— Recorded data —
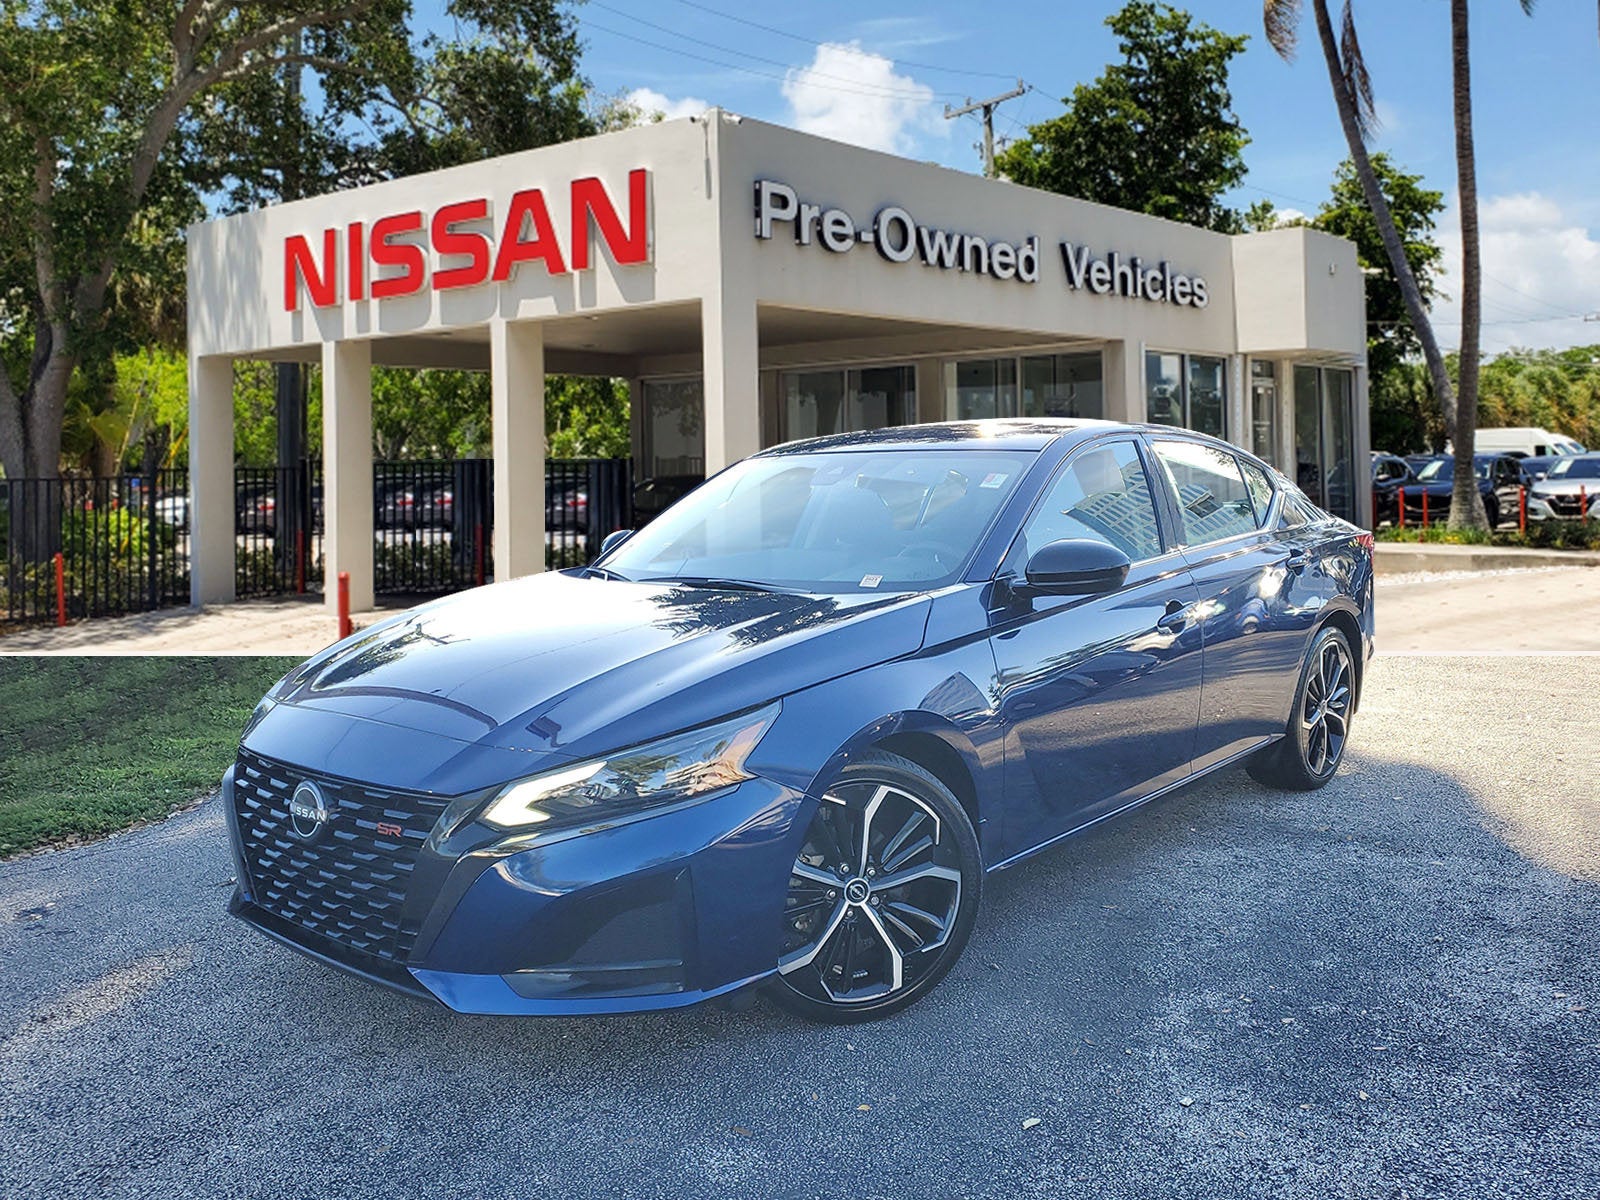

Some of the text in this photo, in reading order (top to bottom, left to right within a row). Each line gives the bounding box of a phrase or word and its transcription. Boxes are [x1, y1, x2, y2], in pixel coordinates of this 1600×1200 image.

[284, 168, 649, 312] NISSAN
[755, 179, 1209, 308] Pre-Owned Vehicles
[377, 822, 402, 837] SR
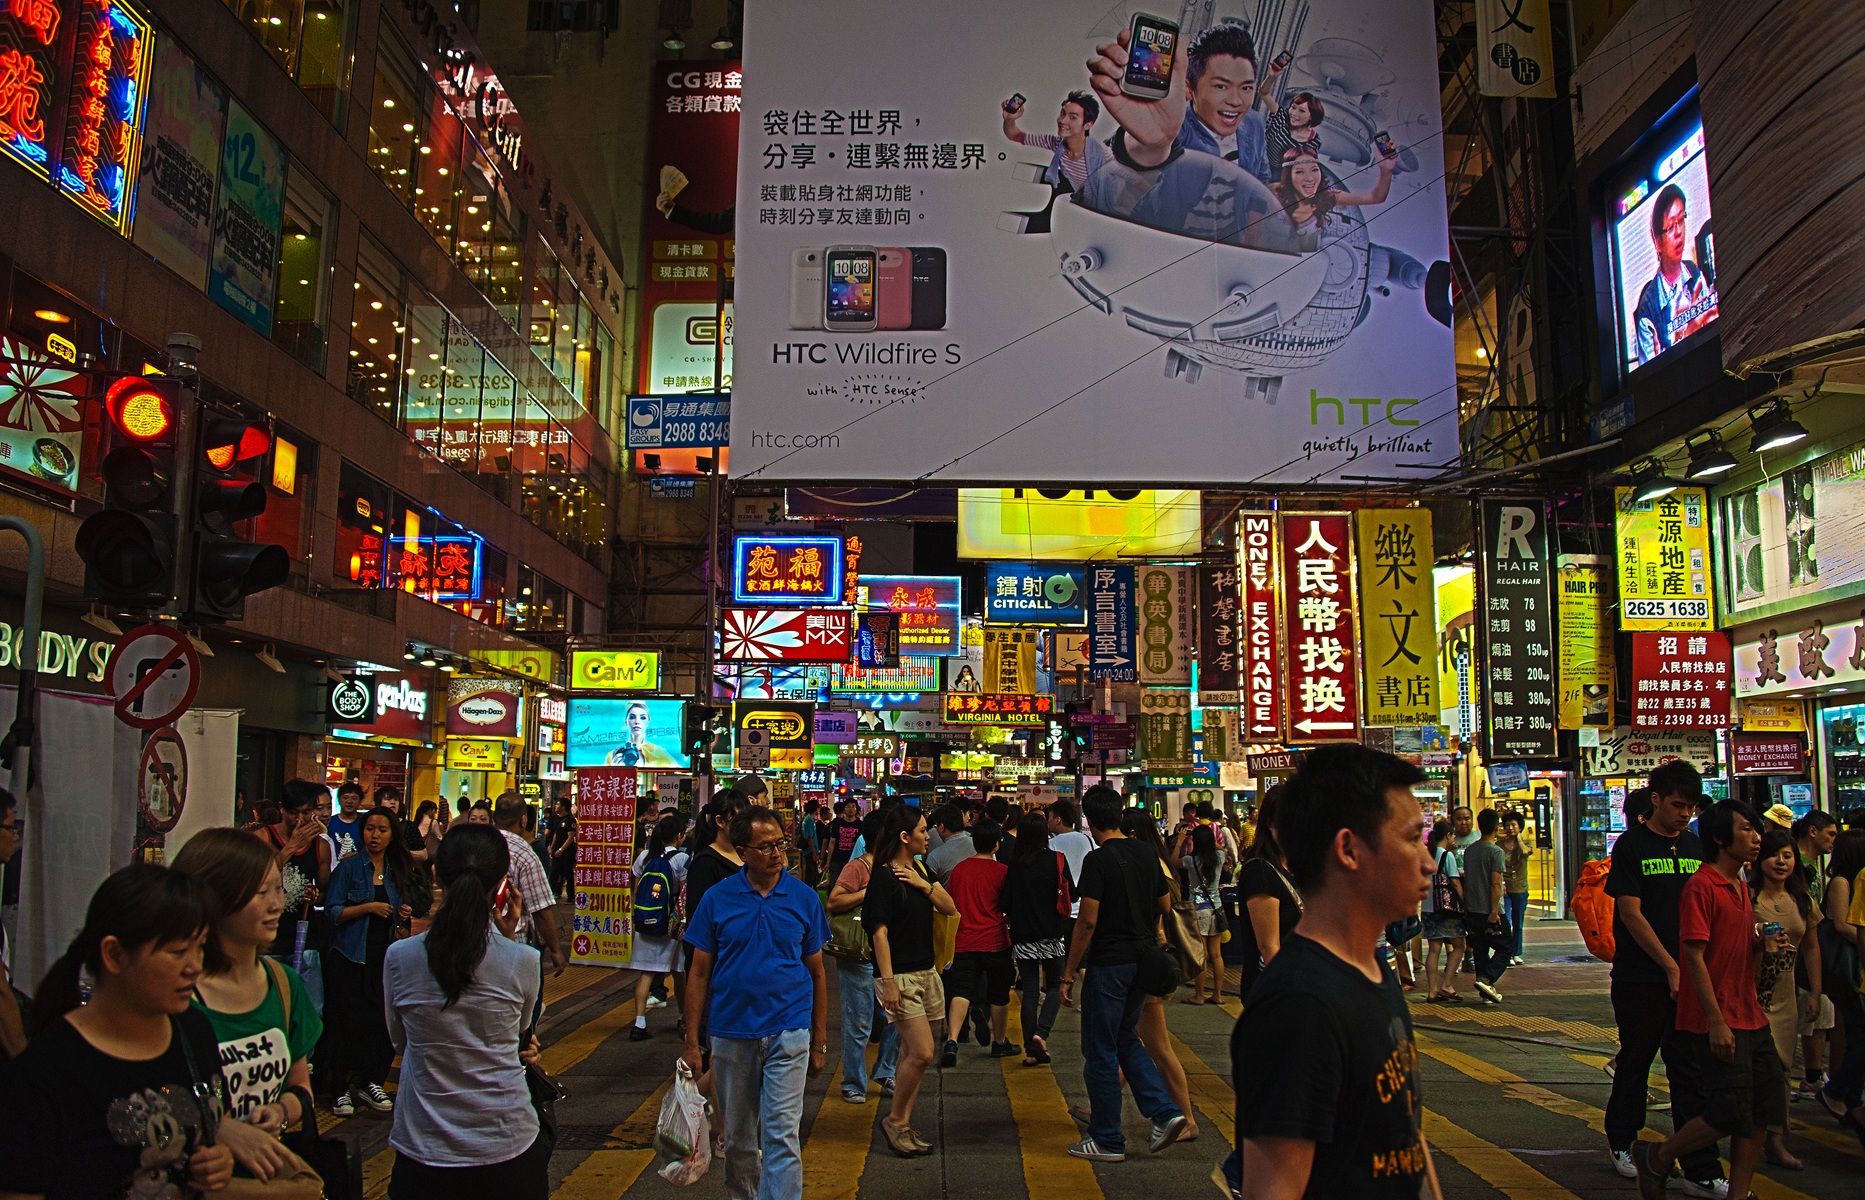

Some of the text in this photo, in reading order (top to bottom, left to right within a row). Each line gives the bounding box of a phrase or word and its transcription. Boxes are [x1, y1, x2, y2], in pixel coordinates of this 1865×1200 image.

— Exercise brief —
Skipping the pictures, output the entries exactly as they appear above.

— Problem solution —
Some of the text in this photo, in reading order (top to bottom, left to right within a row). Each line gives the bounding box of a phrase or word and its transcription. Boxes are [x1, y1, x2, y2], in pixel coordinates of this 1600×1200 image.

[284, 168, 649, 312] NISSAN
[755, 179, 1209, 308] Pre-Owned Vehicles
[377, 822, 402, 837] SR

Some of the text in this photo, in reading order (top to bottom, left to right within a row). Each line gives the bounding box of a phrase or word and its transcription. Boxes are [x1, y1, x2, y2], in pixel coordinates of this 1865×1200 image.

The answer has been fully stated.